I have a tendency to brood over things like that. Since I suck at confronting people (even when I know I'm right), the annoyance festers into anger, until I'm lashing out at others. SpongeM reminded me of this, albeit indirectly.

She's a bigger person than I am, in many ways. One fault that I know I have is my tendency to let others walk all over me, then explode at the wrong moment. Fatal combination.

When I get angry, I let my anger take over me and diminish me, because I am controlled by it. I scream, do things that I'm sorry for, and feel lousy afterwards. It's an impulse problem...something which this Saturday's New York Times talks about on its front page. Reading it a while ago made me think, hard. And seeing the person I was angry at, and realizing that, for all my anger, it was partly my fault because I haven't really sat down and talked it over (I've been trying the "bits and pieces" approach to the issues I have with him)...well, it's sobering.

It brings to mind the Litany Against Fear by the Bene Gesserit in Frank Herbert's "Dune":

I must not fear.
Fear is the mind-killer.
Fear is the little-death that brings total obliteration.
I will face my fear.
I will permit it to pass over me and through me.
And when it has gone past I will turn the inner eye to see its path.
Where the fear has gone there will be nothing.
Only I will remain.


Only, anger brings the same obliteration where I'm concerned.

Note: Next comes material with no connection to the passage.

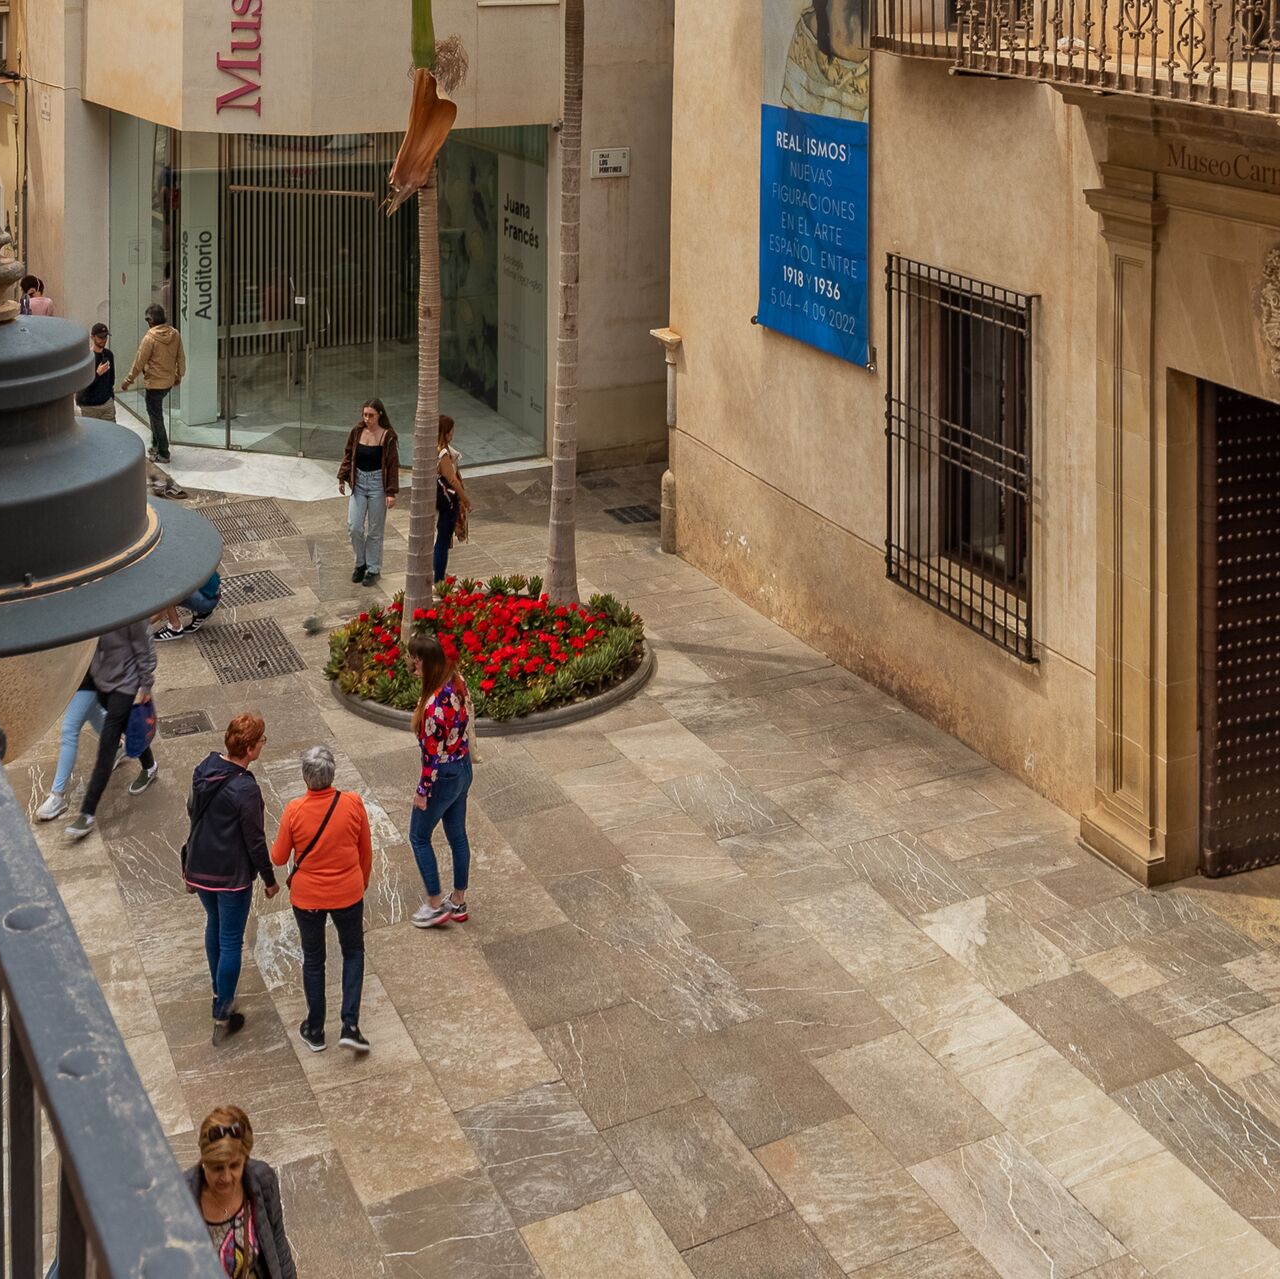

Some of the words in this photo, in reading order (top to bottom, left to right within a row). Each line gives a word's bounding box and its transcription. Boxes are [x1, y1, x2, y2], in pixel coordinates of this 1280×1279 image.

That I'm not alone in this, that others (possibly even you reading this now) is not an excuse. Though my anger is justified, I must let it "pass over me and through me" so that in the end, "only I will remain."

Perhaps then I can be a little bit more like SpongeM. And perhaps then, I can be calmer and wiser. It's not going to be easy, and given my passive-aggressive personality tendencies, it's gonna be excruciating. The long break is going to give me more time off from the office. Maybe then I can try to figure out why the other person so rubs me the wrong way, and what I can do. Or maybe not. But I think what will matter more to me is the attempt to master my anger. I just hope I can.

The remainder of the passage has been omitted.